Hier ist das Motto: Flüchtlinge willkommen. Die Demonstration gegen die AfD in Freilassing.Bild: DW/D. C. Heinrich

Die Haare lang, den Schalk im Nacken, sieht das auch der 18-jährige Markus so: Er apelliert vor allem an die Vernunft der anderen: "Es geht darum, dass man sich in solchen Fragen nicht von Emotionen leiten lässt. Das man nicht nur ans Nehmen, sondern auch ans Geben, an die Solidarität denkt."

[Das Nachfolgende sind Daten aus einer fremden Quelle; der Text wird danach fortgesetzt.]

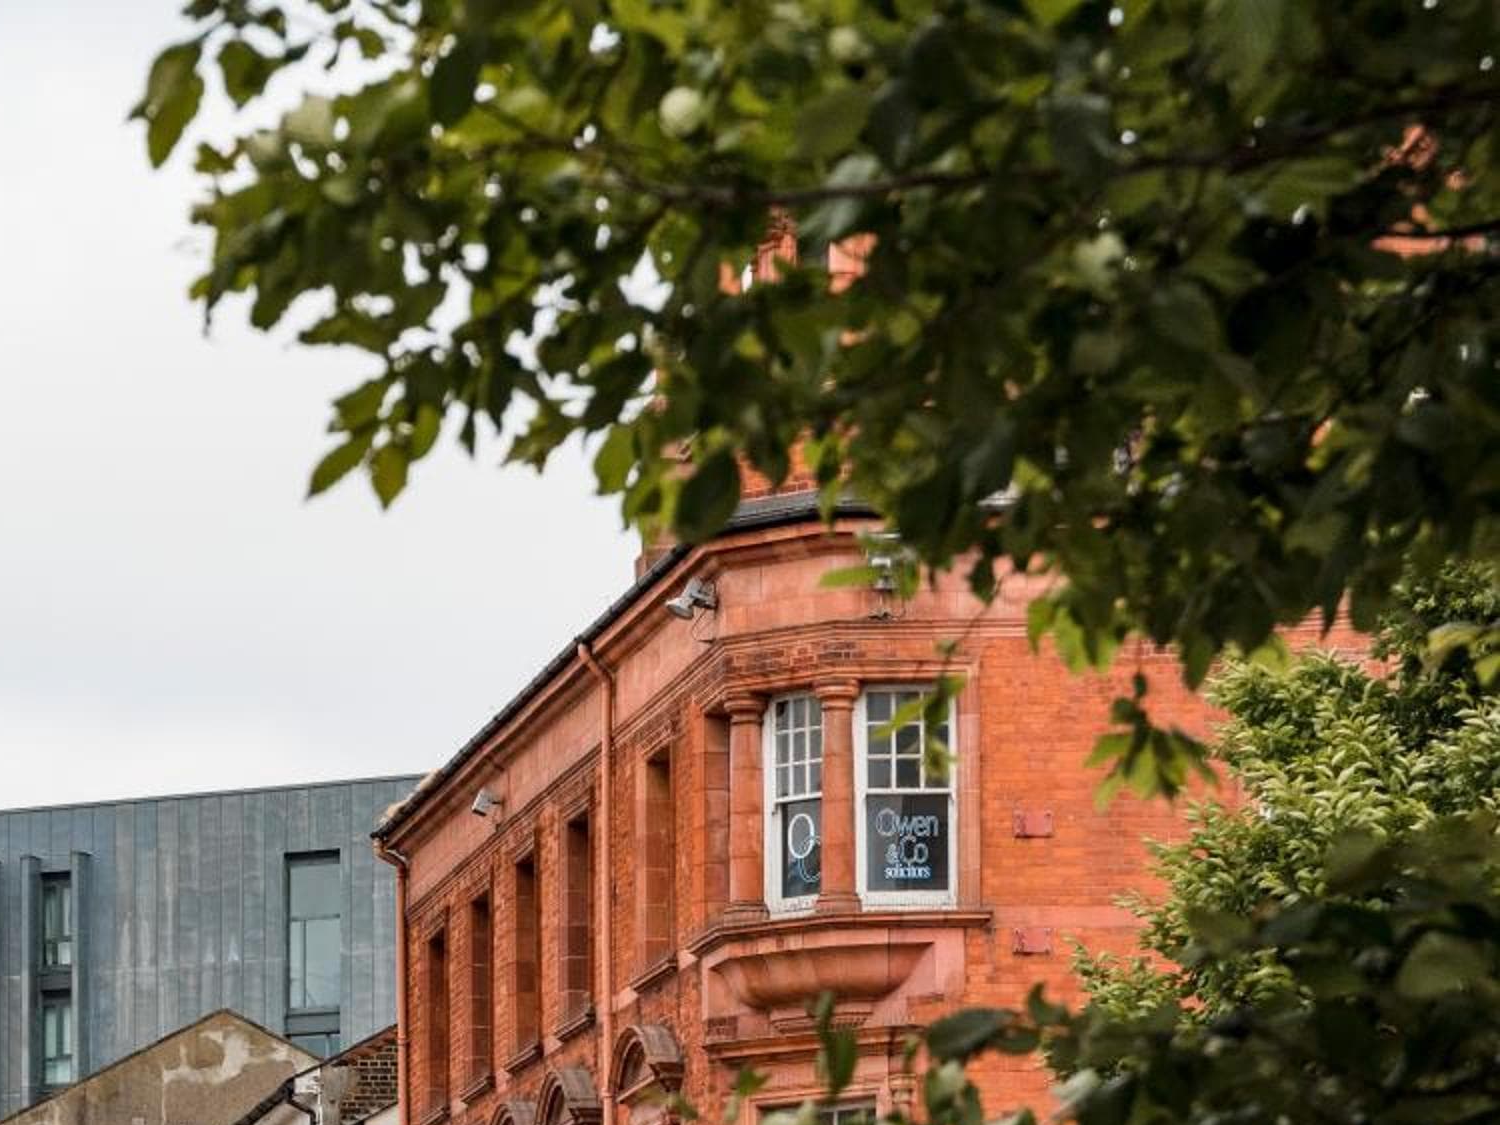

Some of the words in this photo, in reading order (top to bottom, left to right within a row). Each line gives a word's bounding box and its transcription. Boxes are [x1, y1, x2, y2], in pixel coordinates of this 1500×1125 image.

Er hat sich mit ein paar Freunden und Verwandten sofort auf den Weg gemacht, als er von der Gegendemo erfahren hatte: "Mir tun die Flüchtlinge vor allem leid, wenn sie nach Deutschland kommen und sofort zu hören bekommen, dass sie hier nicht erwünscht sind."

Vielfalt oder Bürgerkrieg

Für ihn bedeuteten die Flüchtlinge eine Riesenchance für Deutschland: "Man merkt es am demographischen Wandel. Wir verlieren hierzulande Jugendliche. Und die Flüchtlinge, die kommen, sind auch eine Quelle für Arbeitskraft. Wir brauchen die auch aus Arbeitskraftgründen schlicht und ergreifend."

Sagt's und macht sich von dannen. Der Samstagnachmittag will schließlich auch genossen werden. Auf der "anderen Seite" neigt sich die Demo auch dem Ende entgegen. Auch für Hans-Jörg Müller Zeit für ein Fazit, das unterschiedlicher nicht sein könnte.

"Ich kann nur hoffen, dass wir es schaffen, die EU-Außengrenzen zu schützen. Wenn wir das nicht schaffen, dann müssen wir zumindest die deutschen Grenzen schützen. Wenn wir das nicht schaffen, sehe ich dieses Land in einen Bürgerkrieg hineinschlittern."